Untuk sesaat, gadis itu tampak kebingungan. Sekarang ia jadi ragu, mau terus masuk atau pergi dari tempat itu. Namun, hati kecilnya menuntun untuk segera pergi. Akhirnya ia memutuskan untuk kembali lagi ke ruang makan.


Di ruang makan, Qia kembali mondar-mandir. Sesekali ia menatap makanan yang sudah tersaji di atas meja. Akhirnya pemilik nama Kemilau Senja itu memutuskan untuk menghubungi suaminya melalui ponsel.

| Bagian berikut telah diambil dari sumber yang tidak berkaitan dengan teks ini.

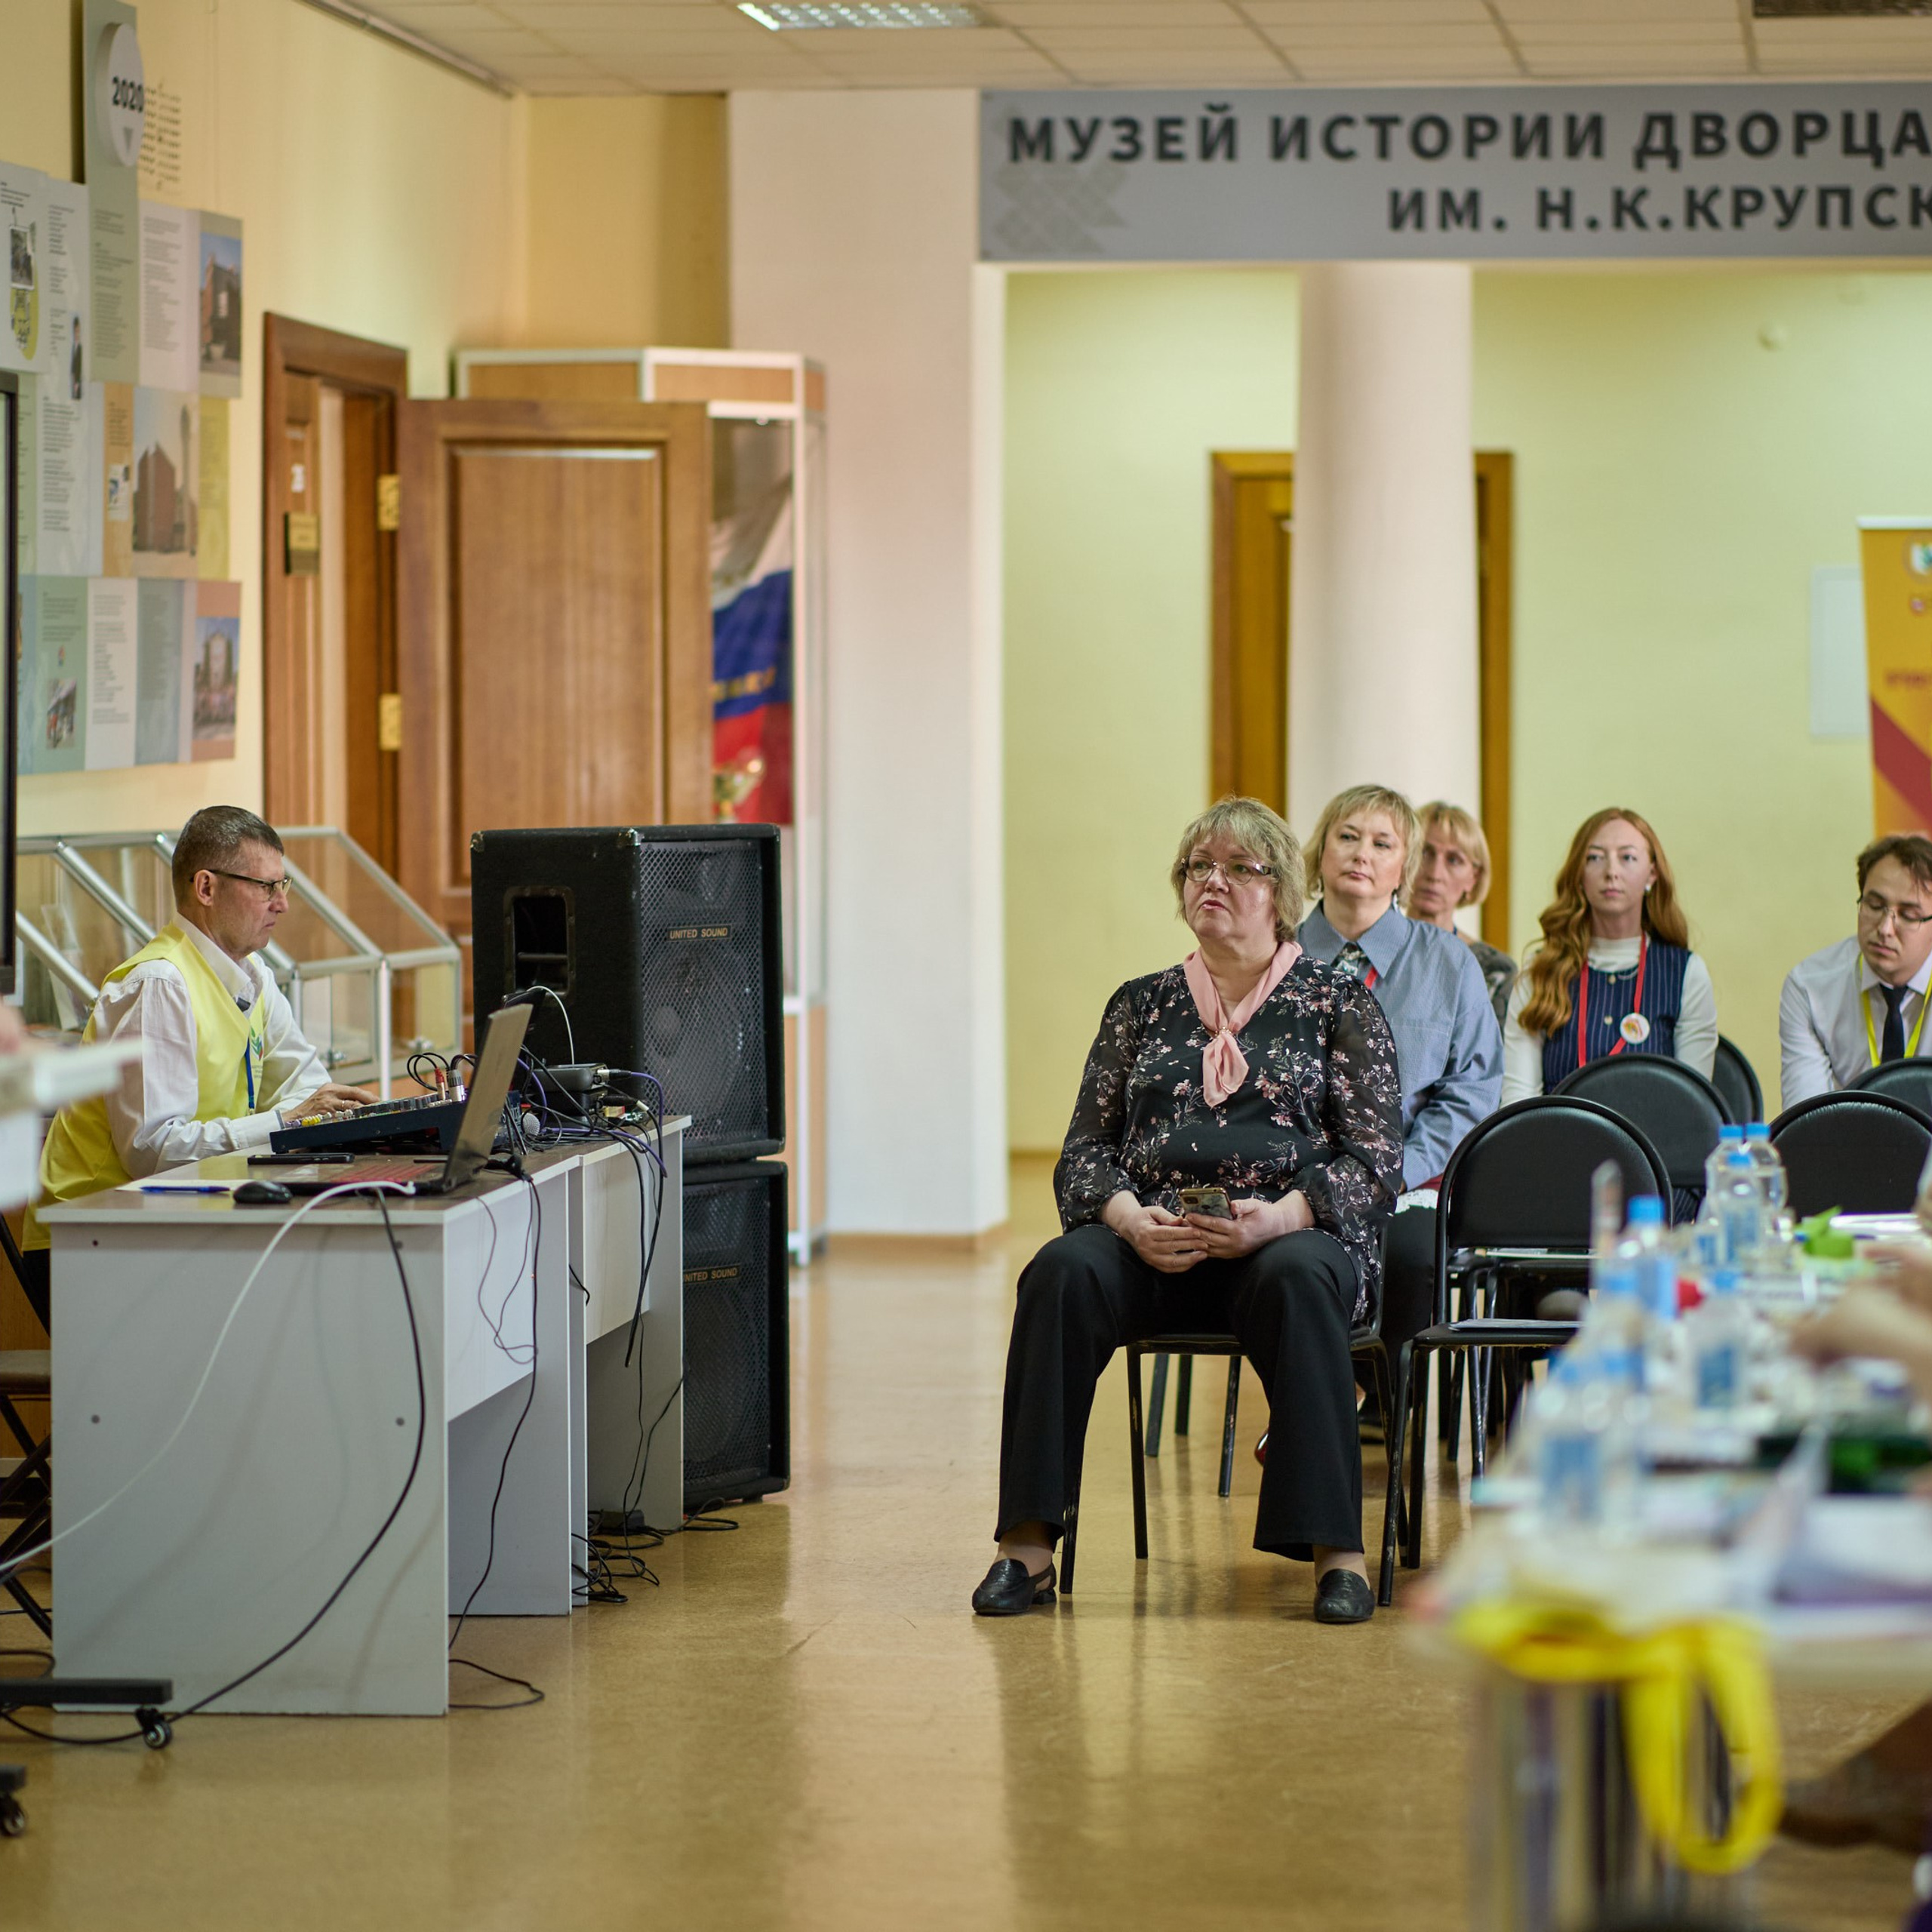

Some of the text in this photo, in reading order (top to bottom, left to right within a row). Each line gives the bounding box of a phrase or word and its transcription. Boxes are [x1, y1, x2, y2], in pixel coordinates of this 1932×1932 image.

[112, 76, 145, 113] 2020
[1010, 103, 1932, 171] МУЗЕЙ ИСТОРИИ ДВОРЦА
[1390, 189, 1507, 231] ИМ.
[669, 927, 728, 940] UNITED SOUND
[683, 1268, 737, 1282] NITED SOUND

"Iya, Qi? Ada apa?" tanya Satrio ketika Qia menelpon.


"Makan siang sudah siap, Kak," jawab Qia.


"Baiklah, kami akan segera turun."


"Segera, ya. Kalau keburu dingin nanti tidak enak."


"Oke."


"Oh ya, Kak, Qia boleh kan, tidak ikut makan siang bareng kalian? Qia rada pusing, pingin berbaring sebentar di kamar?" tanya Qia hati-hati.

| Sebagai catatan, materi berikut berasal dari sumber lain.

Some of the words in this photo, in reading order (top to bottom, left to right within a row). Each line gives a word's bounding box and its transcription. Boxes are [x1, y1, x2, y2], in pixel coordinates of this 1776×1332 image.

Jujur Qia merasa tidak nyaman makan bareng mereka. Terutama setelah Qia mendengar perbincangan tentang dirinya tadi. Ia tidak ingin merasa gugup di depan mereka kemudian salah tingkah. Intinya ia tidak ingin mereka curiga kalau dirinya mendengar perbincangan mereka.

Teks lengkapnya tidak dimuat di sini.